PROBLEM STATEMENT
From the first line to the last, give the records again exactly and skip the pictures.

DATA TO EXAMINE
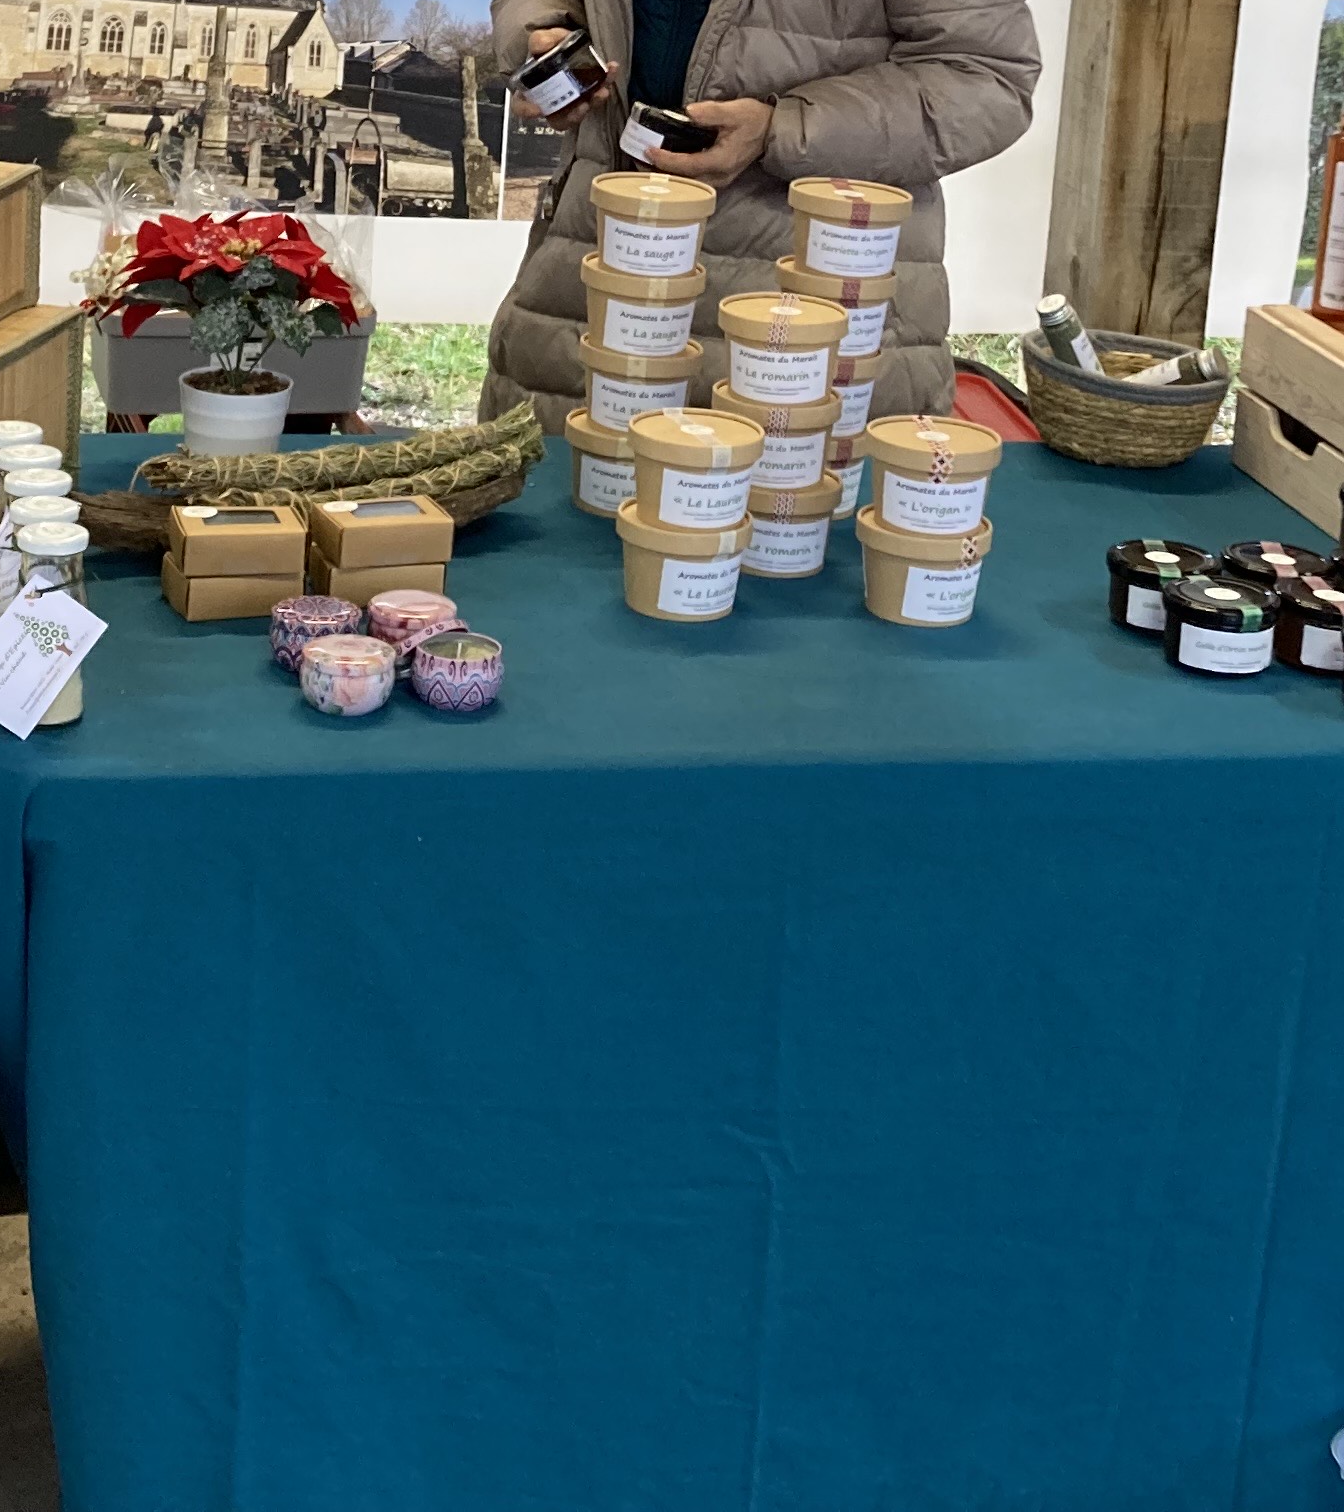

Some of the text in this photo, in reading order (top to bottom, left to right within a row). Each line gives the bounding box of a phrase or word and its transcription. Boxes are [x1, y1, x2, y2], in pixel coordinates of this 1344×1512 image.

[614, 227, 650, 241] Aromates
[626, 246, 640, 256] La
[644, 250, 674, 261] sauge
[620, 311, 658, 322] Aromates
[633, 329, 646, 338] La
[739, 349, 775, 362] Aromates
[778, 355, 789, 363] du
[746, 367, 756, 378] Le
[761, 371, 809, 381] romarin
[613, 403, 626, 413] La
[759, 460, 806, 470] romarin
[678, 479, 720, 489] Aromates
[896, 481, 936, 495] Aromates
[939, 488, 950, 496] du
[687, 496, 702, 508] Le
[912, 502, 960, 517] L'origan
[765, 547, 811, 556] romarin
[688, 589, 702, 599] Le
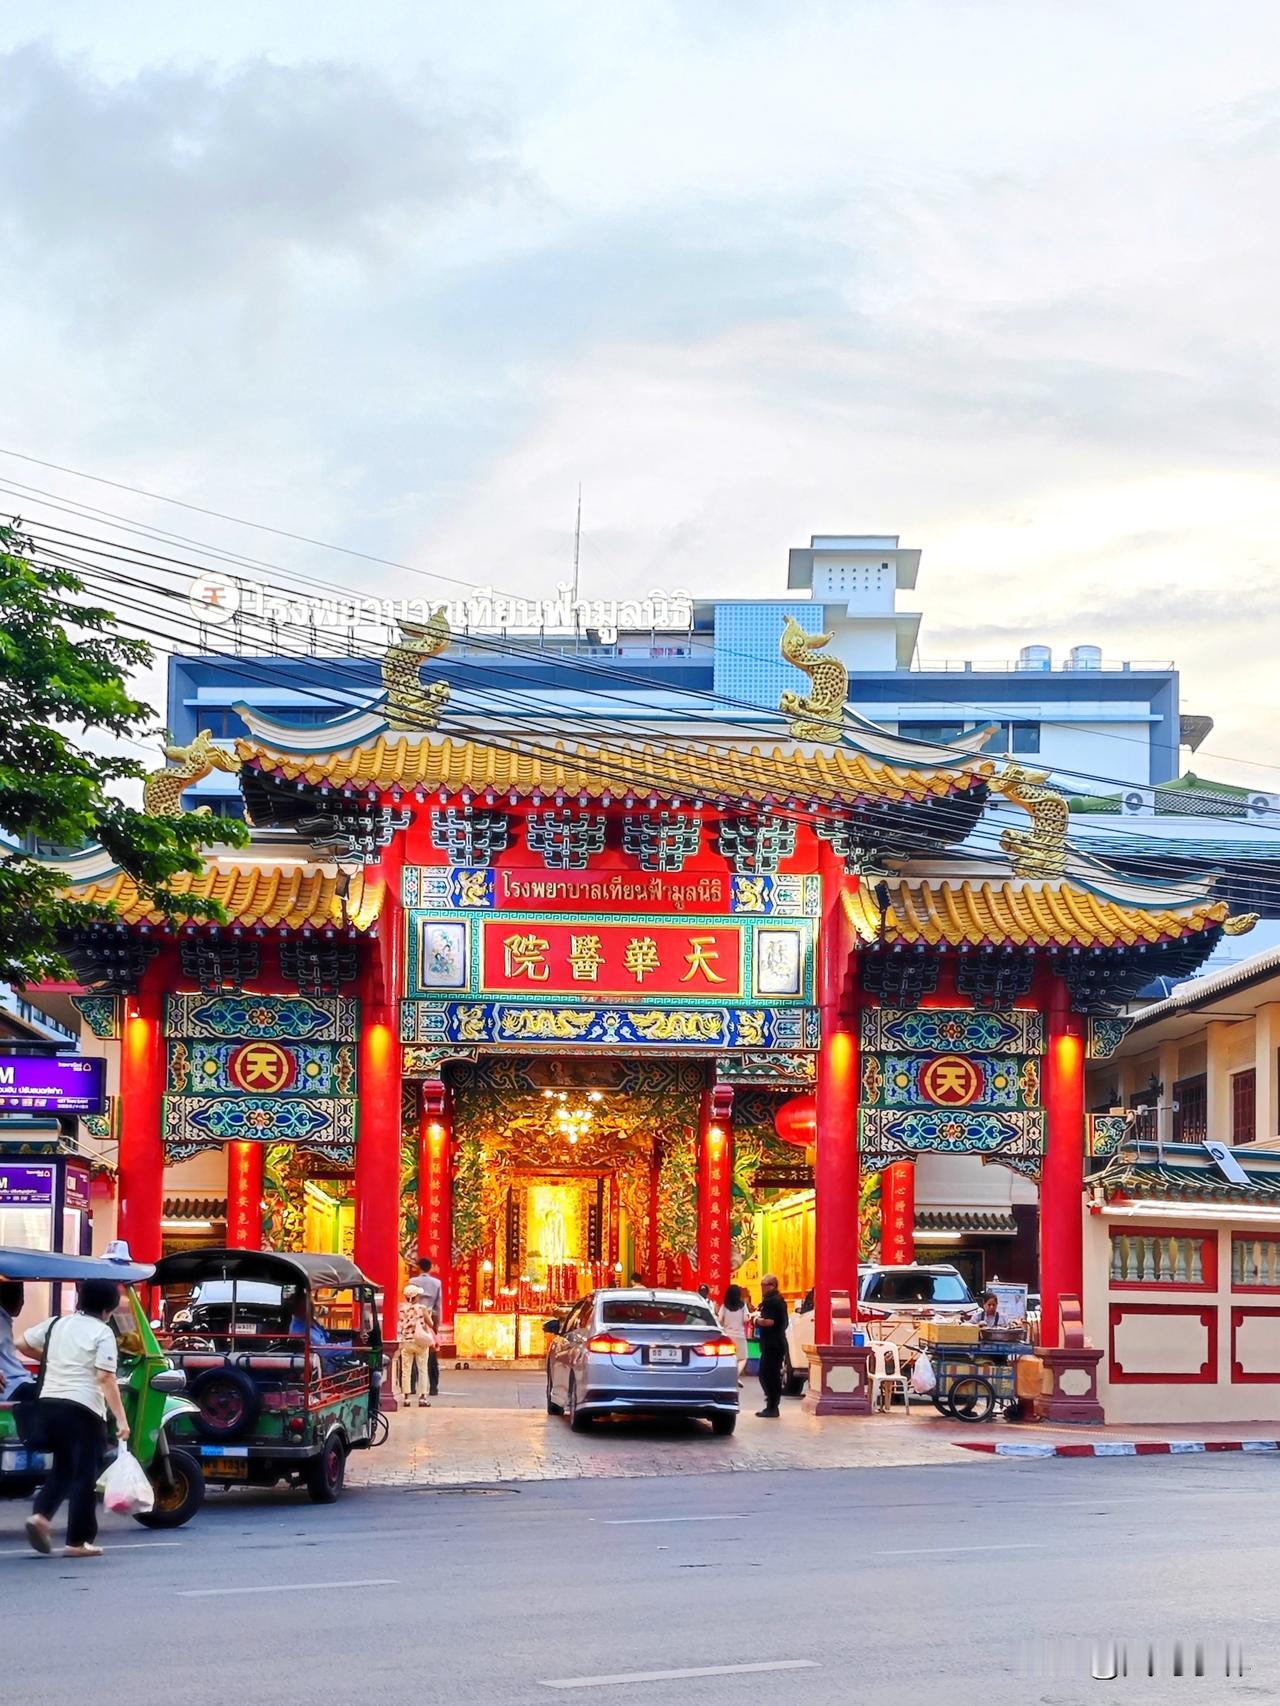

RESPONSE
Some of the text in this photo, in reading order (top to bottom, left to right within a row). Each line gives the bounding box of a phrase or word and its transcription. Boxes are [x1, y1, x2, y2], in pixel coordinates of this 1344×1512 image.

[614, 227, 650, 241] Aromates
[626, 246, 640, 256] La
[644, 250, 674, 261] sauge
[620, 311, 658, 322] Aromates
[633, 329, 646, 338] La
[739, 349, 775, 362] Aromates
[778, 355, 789, 363] du
[746, 367, 756, 378] Le
[761, 371, 809, 381] romarin
[613, 403, 626, 413] La
[759, 460, 806, 470] romarin
[678, 479, 720, 489] Aromates
[896, 481, 936, 495] Aromates
[939, 488, 950, 496] du
[687, 496, 702, 508] Le
[912, 502, 960, 517] L'origan
[765, 547, 811, 556] romarin
[688, 589, 702, 599] Le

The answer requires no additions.